人喰い鬼を狩る政府非公認の組織「鬼殺隊」。鬼を狩る力を有する剣士、その彼らを支えるのが我ら「隠」の仕事である。事後処理、負傷者の手当や搬送、一般人の安全の確保やその後の世話や手続き、後はまあ柱の方々の屋敷でお手伝いや身の回りの世話なんかもしたりする。雑用の域を遥かに超える仕事量だが、その多くは剣技に恵まれなかった者や訳ありなど様々である。
必ず最低でも二人で向かうのだが、今回は場所も近く鬼も難なく倒せたとの情報から人手が足りないこともあってか私一人で向かうことになった。何でも任務を終えた隊士が負傷したとか。
同僚の後藤さんに駄々をこねたがまだ年若い隊士くらい一人で運べと放り出されたのだった。

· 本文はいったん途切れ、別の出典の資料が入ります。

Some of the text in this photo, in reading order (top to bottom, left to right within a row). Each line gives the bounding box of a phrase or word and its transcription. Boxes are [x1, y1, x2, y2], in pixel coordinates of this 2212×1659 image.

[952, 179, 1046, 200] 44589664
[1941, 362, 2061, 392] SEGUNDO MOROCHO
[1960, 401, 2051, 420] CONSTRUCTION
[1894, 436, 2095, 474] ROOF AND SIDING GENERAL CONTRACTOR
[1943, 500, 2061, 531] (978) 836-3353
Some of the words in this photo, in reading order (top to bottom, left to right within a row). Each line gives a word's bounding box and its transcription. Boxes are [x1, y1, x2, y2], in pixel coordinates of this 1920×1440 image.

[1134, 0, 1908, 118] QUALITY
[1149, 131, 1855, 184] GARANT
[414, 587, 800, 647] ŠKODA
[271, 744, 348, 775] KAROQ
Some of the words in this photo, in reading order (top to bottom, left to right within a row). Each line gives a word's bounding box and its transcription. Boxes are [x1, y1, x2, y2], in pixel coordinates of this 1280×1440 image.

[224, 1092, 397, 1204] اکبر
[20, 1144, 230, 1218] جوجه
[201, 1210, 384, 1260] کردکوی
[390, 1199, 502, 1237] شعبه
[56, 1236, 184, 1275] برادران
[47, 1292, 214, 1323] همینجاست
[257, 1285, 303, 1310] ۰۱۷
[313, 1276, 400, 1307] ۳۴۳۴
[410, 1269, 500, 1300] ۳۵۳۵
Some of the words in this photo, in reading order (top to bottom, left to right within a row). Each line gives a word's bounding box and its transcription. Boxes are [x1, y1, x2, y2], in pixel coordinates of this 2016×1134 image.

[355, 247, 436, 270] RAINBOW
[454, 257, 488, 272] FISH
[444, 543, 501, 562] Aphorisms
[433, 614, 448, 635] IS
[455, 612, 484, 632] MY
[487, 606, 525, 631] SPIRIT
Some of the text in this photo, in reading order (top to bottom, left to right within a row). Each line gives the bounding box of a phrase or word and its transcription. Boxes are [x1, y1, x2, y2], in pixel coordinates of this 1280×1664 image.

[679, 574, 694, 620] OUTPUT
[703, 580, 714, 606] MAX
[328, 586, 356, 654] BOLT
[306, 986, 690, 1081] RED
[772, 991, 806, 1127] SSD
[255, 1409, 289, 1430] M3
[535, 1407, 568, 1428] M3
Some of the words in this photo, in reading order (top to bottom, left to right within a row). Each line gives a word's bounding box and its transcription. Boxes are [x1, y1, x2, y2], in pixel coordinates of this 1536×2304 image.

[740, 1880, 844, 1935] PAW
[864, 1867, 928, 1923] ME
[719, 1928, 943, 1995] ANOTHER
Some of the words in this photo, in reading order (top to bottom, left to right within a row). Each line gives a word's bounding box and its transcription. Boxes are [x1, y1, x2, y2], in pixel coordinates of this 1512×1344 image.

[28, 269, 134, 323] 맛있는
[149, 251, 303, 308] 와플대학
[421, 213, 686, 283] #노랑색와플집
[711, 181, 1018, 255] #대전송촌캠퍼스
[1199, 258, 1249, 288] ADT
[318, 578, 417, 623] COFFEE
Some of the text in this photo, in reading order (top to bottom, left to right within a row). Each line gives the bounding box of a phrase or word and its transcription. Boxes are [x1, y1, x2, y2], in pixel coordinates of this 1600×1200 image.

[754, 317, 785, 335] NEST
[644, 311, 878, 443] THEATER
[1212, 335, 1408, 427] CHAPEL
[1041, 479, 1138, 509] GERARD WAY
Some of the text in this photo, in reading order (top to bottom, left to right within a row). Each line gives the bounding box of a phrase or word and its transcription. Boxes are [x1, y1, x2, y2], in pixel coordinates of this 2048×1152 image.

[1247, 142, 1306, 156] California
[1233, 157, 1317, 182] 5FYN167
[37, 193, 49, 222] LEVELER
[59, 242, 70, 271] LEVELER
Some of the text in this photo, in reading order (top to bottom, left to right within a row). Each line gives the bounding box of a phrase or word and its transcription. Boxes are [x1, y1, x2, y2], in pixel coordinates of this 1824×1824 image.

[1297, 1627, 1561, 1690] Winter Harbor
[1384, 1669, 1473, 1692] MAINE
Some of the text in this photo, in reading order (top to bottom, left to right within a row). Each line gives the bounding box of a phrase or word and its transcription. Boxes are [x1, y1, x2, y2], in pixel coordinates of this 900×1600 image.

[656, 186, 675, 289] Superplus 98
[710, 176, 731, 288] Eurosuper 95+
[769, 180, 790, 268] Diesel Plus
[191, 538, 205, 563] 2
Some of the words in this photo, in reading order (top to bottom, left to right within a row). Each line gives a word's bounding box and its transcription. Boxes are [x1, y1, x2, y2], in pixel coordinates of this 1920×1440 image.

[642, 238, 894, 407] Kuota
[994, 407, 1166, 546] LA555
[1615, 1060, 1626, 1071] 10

しばらく走り続けていると、頭上で雀がチュンチュンチュンチュン飛び回り出した。なんだこの雀、と軽く視線を向ければどうやらそれは鎹鴉(いや、どこからどう見ても雀だけど)のようで、ついてこいと言わんばかりに飛んで行ったのでおとなしくついていく。
ーー雀を支給されるなんてどんな隊士だよ。
まだ見ぬ隊士に哀れみを抱いていると、少し開けた場所で漸く会うことができた。黄色い羽織を隊服の上から羽織った黄色い頭の小柄なその子は、怪我が痛むのか蹲っている。
「すみません、遅くなりました。負傷されたと聞きましたがーー」
隊士のすぐ傍まで駆け寄って声を掛けると、バッと勢いよく顔を上げた。
男の子だ。私とあまり歳の変わらない、まだ幼さを残した少年だ。琥珀色のまん丸い瞳をキラキラと輝かせて私をじいっと見上げている。
べっこう飴みたいーーそんな安直な感想を頭の中で浮かべながら見つめ返していると、男の子の腕がぬっと伸びてきた。その手は迷うことなく私の腰に縋るように纏わりついた。
「女の子?!!女の子が迎えに来てくれたの?!俺を?!こんなご褒美ってある?!!俺この後死ぬの?!!」
隠の間でちょっとした話題になったことがある。新人の隊士に相当な女好きがいると。決して色男ではない、鼻を膨らませてだらしなく鼻の下を伸ばしながらデレデレと誰彼構わず声を掛けるまだ歳若い少年だと。
ーーこいつか。ふがふがと興奮している少年に冷めた目を向ける。